(Problem details): In your output, repeat each entry exactly and include no pictures.

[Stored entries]
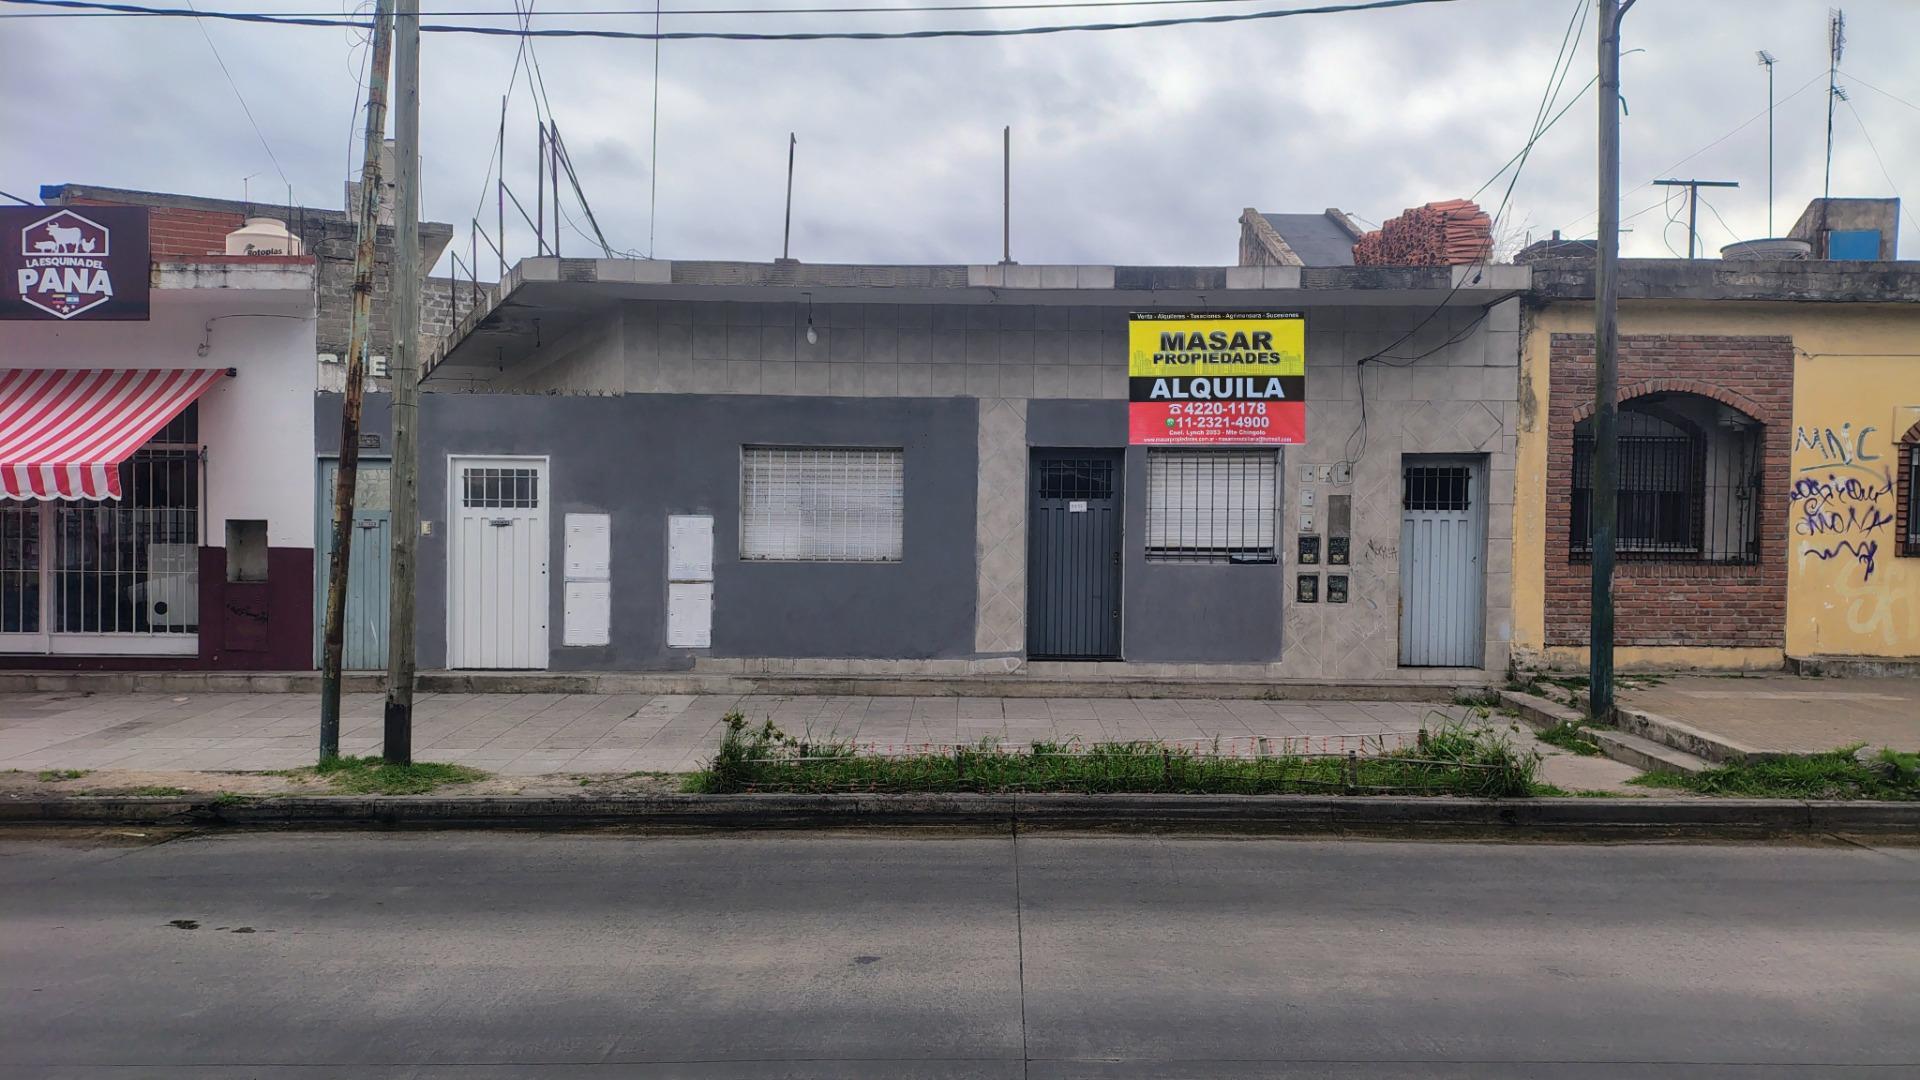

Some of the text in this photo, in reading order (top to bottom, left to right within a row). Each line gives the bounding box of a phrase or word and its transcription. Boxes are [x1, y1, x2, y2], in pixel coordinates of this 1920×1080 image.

[25, 257, 104, 269] LA ESQUINA DEL
[17, 267, 113, 296] PANA
[1160, 331, 1273, 351] MASAR
[1153, 352, 1281, 365] PROPIEDADES
[1149, 377, 1286, 400] ALQUILA
[1184, 402, 1266, 415] 4220-1178
[1176, 416, 1270, 428] 11-2321-4900
[1186, 429, 1205, 437] Lynch
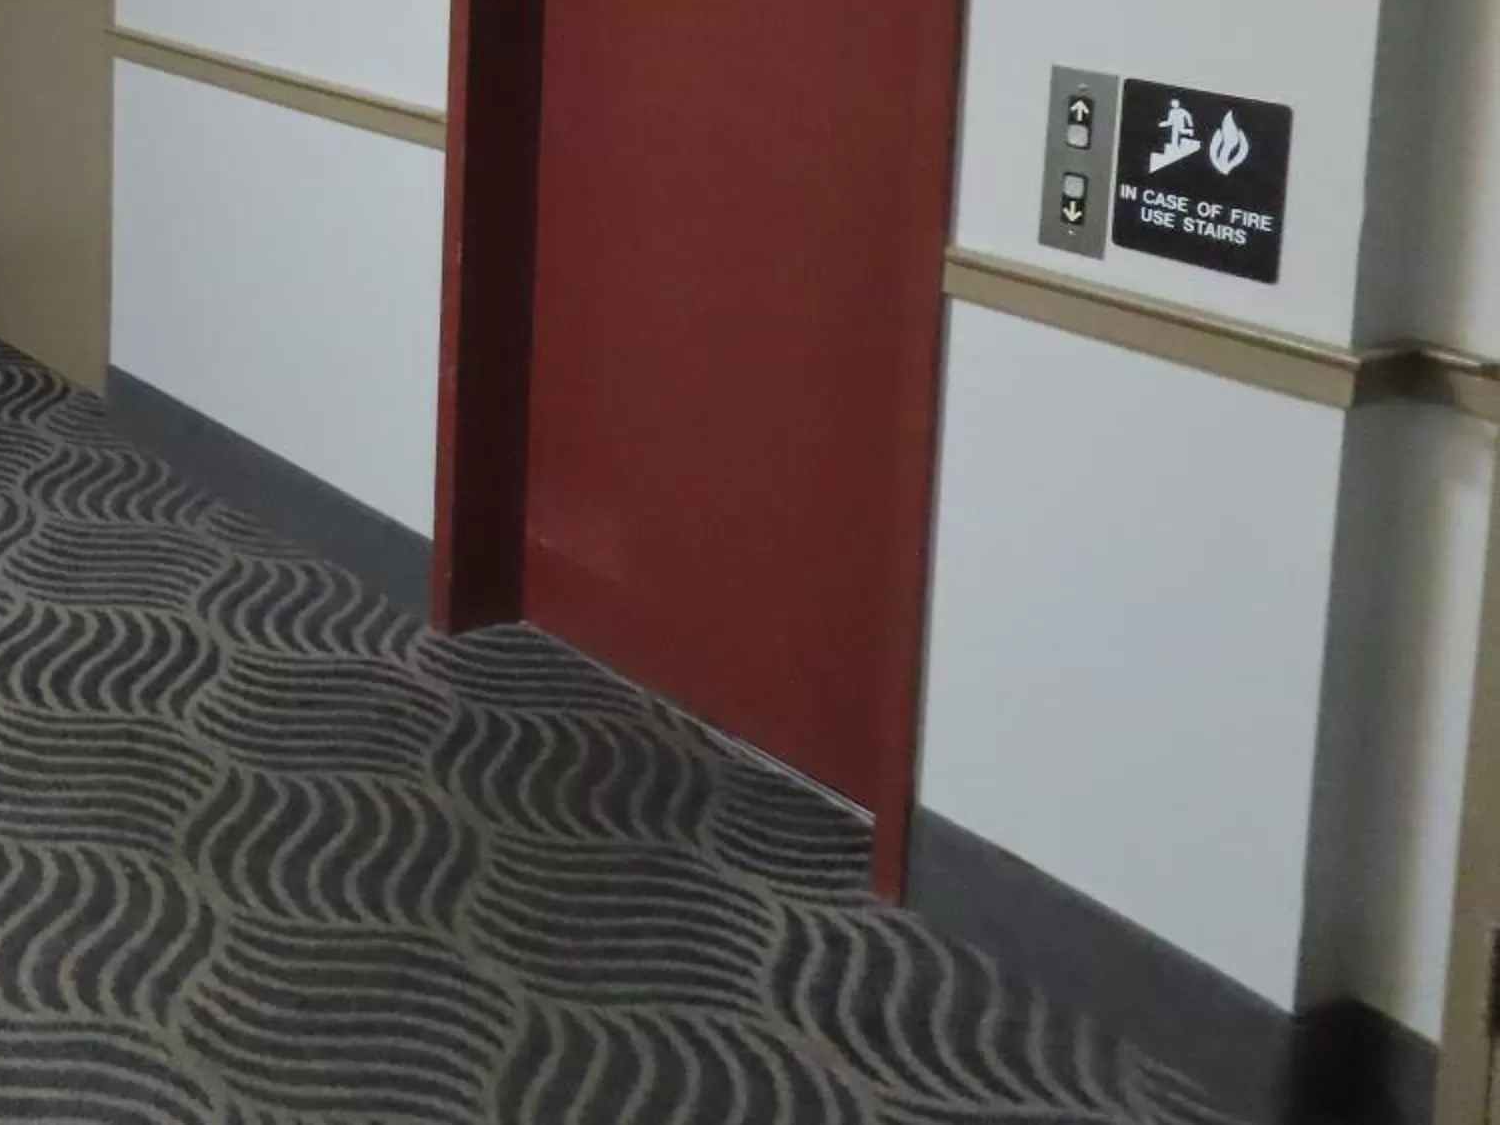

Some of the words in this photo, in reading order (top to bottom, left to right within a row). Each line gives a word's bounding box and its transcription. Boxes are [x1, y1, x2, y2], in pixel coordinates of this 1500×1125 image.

[1120, 183, 1137, 201] IN
[1143, 189, 1189, 213] CASE
[1197, 201, 1223, 219] OF
[1230, 208, 1274, 232] FIRE
[1140, 207, 1175, 228] USE
[1183, 216, 1248, 245] STAIRS

(Result below):
Some of the text in this photo, in reading order (top to bottom, left to right within a row). Each line gives the bounding box of a phrase or word and its transcription. Boxes are [x1, y1, x2, y2], in pixel coordinates of this 1920×1080 image.

[25, 257, 104, 269] LA ESQUINA DEL
[17, 267, 113, 296] PANA
[1160, 331, 1273, 351] MASAR
[1153, 352, 1281, 365] PROPIEDADES
[1149, 377, 1286, 400] ALQUILA
[1184, 402, 1266, 415] 4220-1178
[1176, 416, 1270, 428] 11-2321-4900
[1186, 429, 1205, 437] Lynch

Some of the words in this photo, in reading order (top to bottom, left to right within a row). Each line gives a word's bounding box and its transcription. Boxes are [x1, y1, x2, y2], in pixel coordinates of this 1500×1125 image.

[1120, 183, 1137, 201] IN
[1143, 189, 1189, 213] CASE
[1197, 201, 1223, 219] OF
[1230, 208, 1274, 232] FIRE
[1140, 207, 1175, 228] USE
[1183, 216, 1248, 245] STAIRS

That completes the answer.